Pode-se dizer que Hellman contribuiu significativamente para a
renovação do drama social estadunidense sem nunca ter sido, efetivamente, uma
revolucionária no sentido artístico da palavra. Há quem julgue, como o crítico
R. C. Reynolds em seu livro Stage left: the development of the American
Social on the Thirties [A esquerda do palco: o desenvolvimento do social
americano nos anos 1930], que Hellman evitou desenvolver um trabalho de
natureza política mais declarada e radical a fim de não prejudicar seu sucesso
profissional como autora.
Todas as suas peças estrearam na Broadway, e a Broadway foi
sempre sinônimo de um teatro altamente profissionalizado, com investimentos
elevados em produção e a necessidade implícita de sucesso entre as plateias
pagantes.
O fato é que, dentro dessa estrutura de produção e da opção
formal que fez pelo drama padrão, Hellman construiu uma obra de inequívoco
sentido político, representando com grande vigor dramático questões sociais de
grande relevância: Calúnia trata do tema da disseminação da mentira
dentro de mecanismos socialmente estabelecidos. Days to Come [Dias por
vir], de 1936, trata de questões sindicais e da ética política num contexto de
lutas trabalhistas e de fura-greves, Watch on the Rhine, [Vigília sobre
o Reno], de 1941 e The Searching Wind [O vento penetrante], de 1944,
colocam em foco o fascismo no contexto da Segunda Grande Guerra e a omissão da classe
média estadunidense diante da sua expansão e Toys in the Attic [Brinquedos
no sótão] trata da erosão das relações familiares sob o impacto da usurpação do
patrimônio compartilhado e da cobiça material.

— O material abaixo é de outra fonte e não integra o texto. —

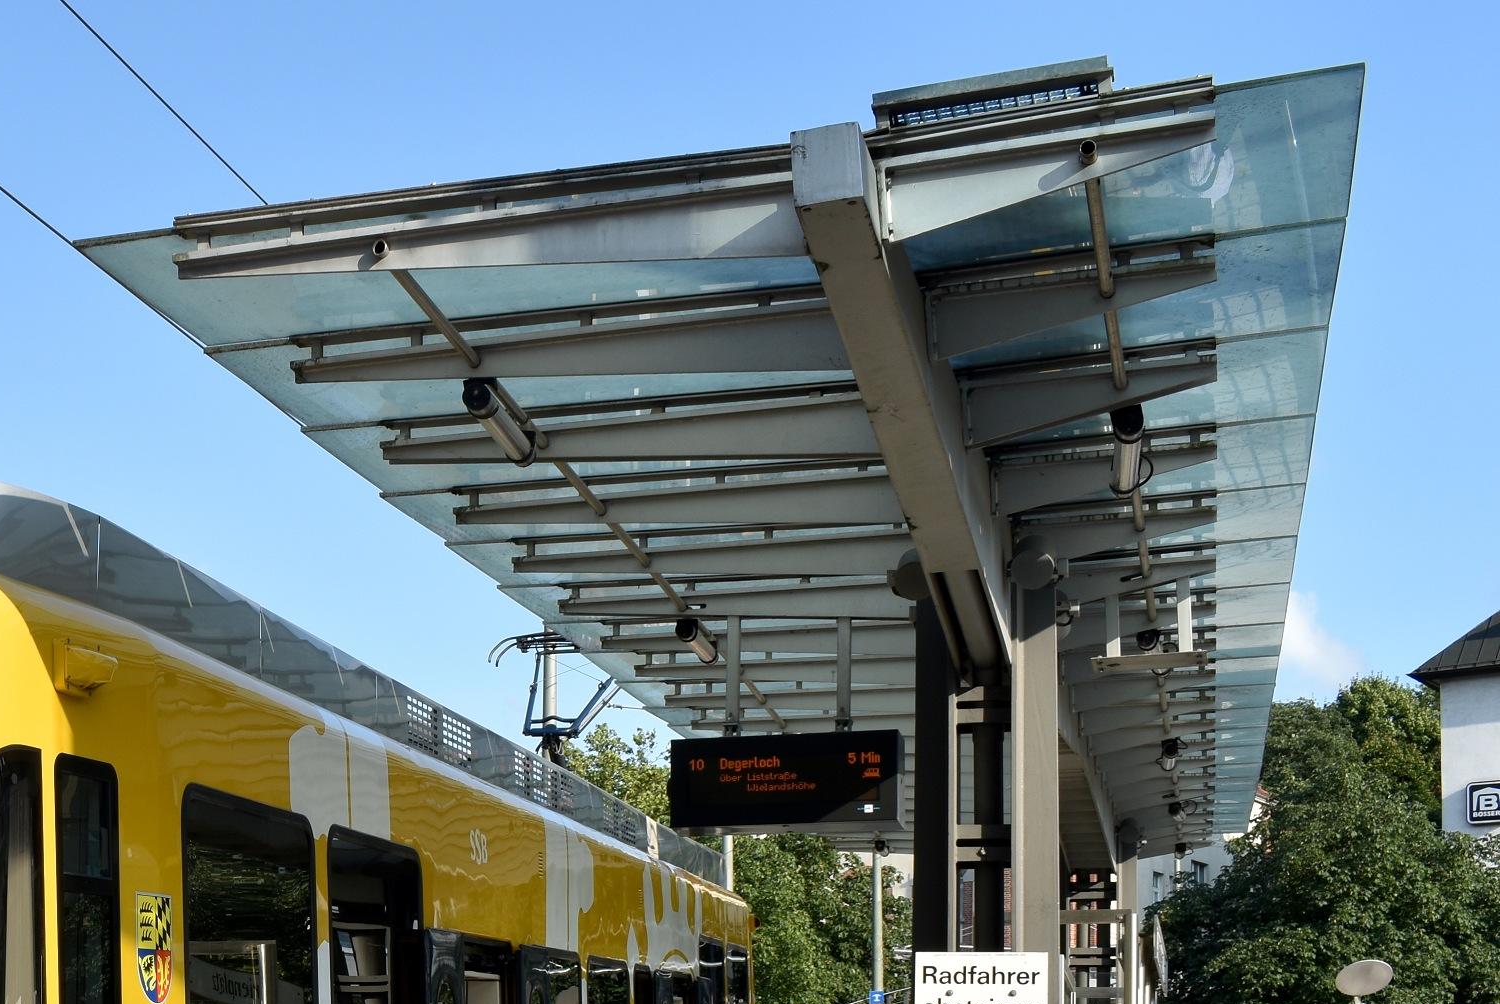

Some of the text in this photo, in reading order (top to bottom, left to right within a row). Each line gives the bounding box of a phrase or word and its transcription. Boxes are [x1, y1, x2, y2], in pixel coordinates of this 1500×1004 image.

[688, 751, 881, 772] 10 Degerloch 5 Min
[470, 828, 488, 865] SSB
[922, 965, 1041, 985] Radfahrer

Representar tais assuntos e dar a eles consistência cênica e
qualidade dramatúrgica não constituía uma opção simples ou cômoda do ponto de
vista da execução, e Hellman soube tratá-los de forma artisticamente bem
realizada e politicamente comprometida com uma visão crítica da sociedade estadunidense
e de seus valores estabelecidos.
AS PEQUENAS
RAPOSAS
“Por exemplo; nós as raposas, as pequenas raposas que estragam
as vinhas; pois nossas vinhas têm tenras uvas.’ A citação bíblica da qual foi
extraído o título serve de metáfora para a imagem central da peça de Lillian
Hellman. Os procedimentos associados ao jogo capitalista de disputa pela
riqueza e a denúncia das distorções da sociedade estadunidense fazem do texto
um clássico da moderna dramaturgia do século XX.
O contexto socioeconômico dos Estados Unidos no início do século
XX caracteriza-se pelo rápido crescimento urbano e industrial, pelo grande
empreendedorismo generalizado e pela confiança inabalável no progresso material.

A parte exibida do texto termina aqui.